Once the pictures are set aside, repeat all of the data below exactly.

(Data entries)
------------------------------------
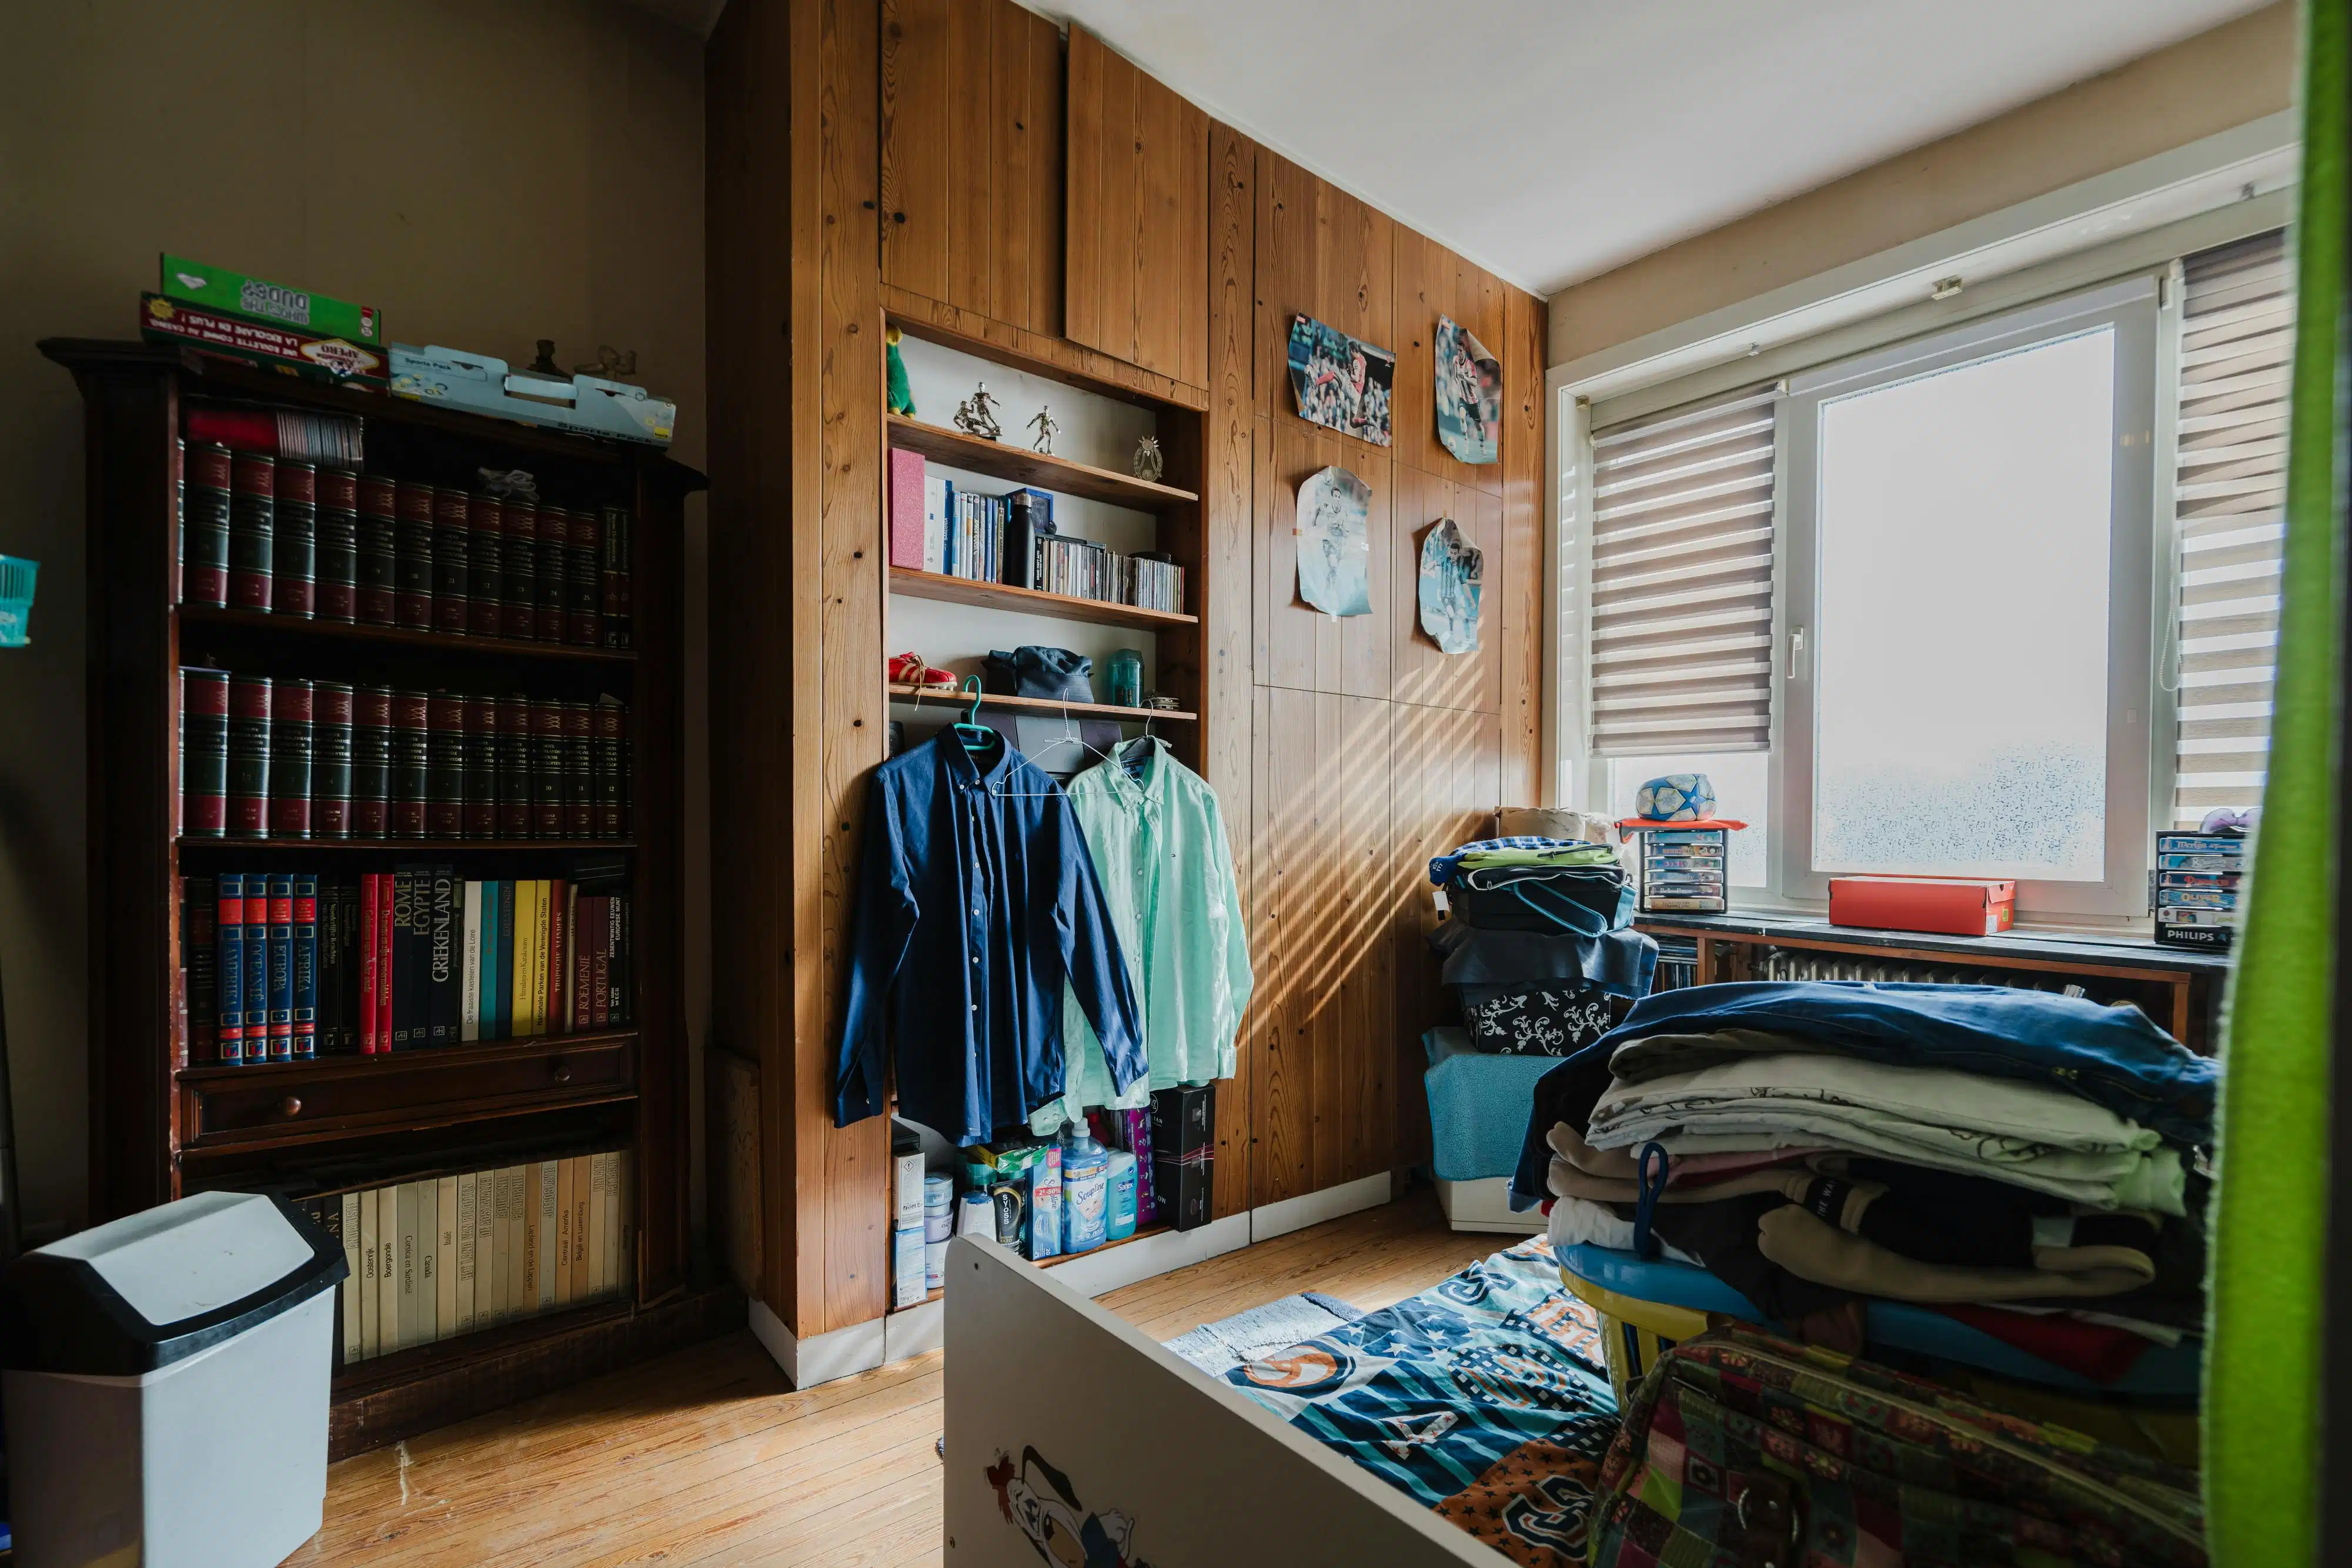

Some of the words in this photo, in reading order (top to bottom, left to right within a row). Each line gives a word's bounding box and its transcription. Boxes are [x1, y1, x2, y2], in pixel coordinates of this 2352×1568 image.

[242, 279, 308, 310] DUDE?
[405, 357, 428, 369] Sports
[431, 361, 452, 372] Pack
[557, 422, 610, 437] Sports
[616, 432, 653, 445] Pack
[395, 880, 412, 927] ROME
[413, 879, 430, 936] EGYPTE
[432, 878, 451, 982] GRIEKENLAND
[539, 920, 548, 950] Verenigde
[2167, 930, 2214, 941] PHILIPS
[469, 945, 476, 954] de
[539, 951, 546, 959] de
[273, 944, 286, 992] EUROPA
[298, 943, 310, 993] AFRIKA
[467, 966, 475, 991] kastelen
[554, 951, 562, 992] TROPISCHE
[595, 949, 607, 1008] PORTUGAL
[578, 954, 592, 1010] ROEMENIË
[467, 992, 475, 1014] fraaiste
[536, 995, 544, 1026] Nationale
[466, 1015, 473, 1024] De
[593, 1159, 604, 1192] FINLAND
[1118, 1182, 1134, 1191] Sanex
[462, 1183, 475, 1222] BELOFTEN
[1077, 1182, 1104, 1205] Soupline
[577, 1201, 585, 1234] Luxemburg
[1818, 1199, 1828, 1216] THE
[461, 1223, 474, 1240] VAN
[479, 1226, 492, 1238] DE
[527, 1225, 536, 1249] Lapland
[577, 1235, 583, 1243] en
[404, 1235, 413, 1259] Corsica
[461, 1242, 473, 1263] LAND
[561, 1240, 569, 1266] Centraal
[576, 1243, 584, 1261] België
[383, 1242, 392, 1278] Boergondië
[406, 1259, 412, 1268] en
[424, 1255, 433, 1278] Canada
[461, 1266, 473, 1281] HET
------------------------------------
RESPONSE AREA:
Some of the words in this photo, in reading order (top to bottom, left to right within a row). Each line gives a word's bounding box and its transcription. Boxes are [x1, y1, x2, y2], in pixel coordinates of this 2352×1568 image.

[242, 279, 308, 310] DUDE?
[405, 357, 428, 369] Sports
[431, 361, 452, 372] Pack
[557, 422, 610, 437] Sports
[616, 432, 653, 445] Pack
[395, 880, 412, 927] ROME
[413, 879, 430, 936] EGYPTE
[432, 878, 451, 982] GRIEKENLAND
[539, 920, 548, 950] Verenigde
[2167, 930, 2214, 941] PHILIPS
[469, 945, 476, 954] de
[539, 951, 546, 959] de
[273, 944, 286, 992] EUROPA
[298, 943, 310, 993] AFRIKA
[467, 966, 475, 991] kastelen
[554, 951, 562, 992] TROPISCHE
[595, 949, 607, 1008] PORTUGAL
[578, 954, 592, 1010] ROEMENIË
[467, 992, 475, 1014] fraaiste
[536, 995, 544, 1026] Nationale
[466, 1015, 473, 1024] De
[593, 1159, 604, 1192] FINLAND
[1118, 1182, 1134, 1191] Sanex
[462, 1183, 475, 1222] BELOFTEN
[1077, 1182, 1104, 1205] Soupline
[577, 1201, 585, 1234] Luxemburg
[1818, 1199, 1828, 1216] THE
[461, 1223, 474, 1240] VAN
[479, 1226, 492, 1238] DE
[527, 1225, 536, 1249] Lapland
[577, 1235, 583, 1243] en
[404, 1235, 413, 1259] Corsica
[461, 1242, 473, 1263] LAND
[561, 1240, 569, 1266] Centraal
[576, 1243, 584, 1261] België
[383, 1242, 392, 1278] Boergondië
[406, 1259, 412, 1268] en
[424, 1255, 433, 1278] Canada
[461, 1266, 473, 1281] HET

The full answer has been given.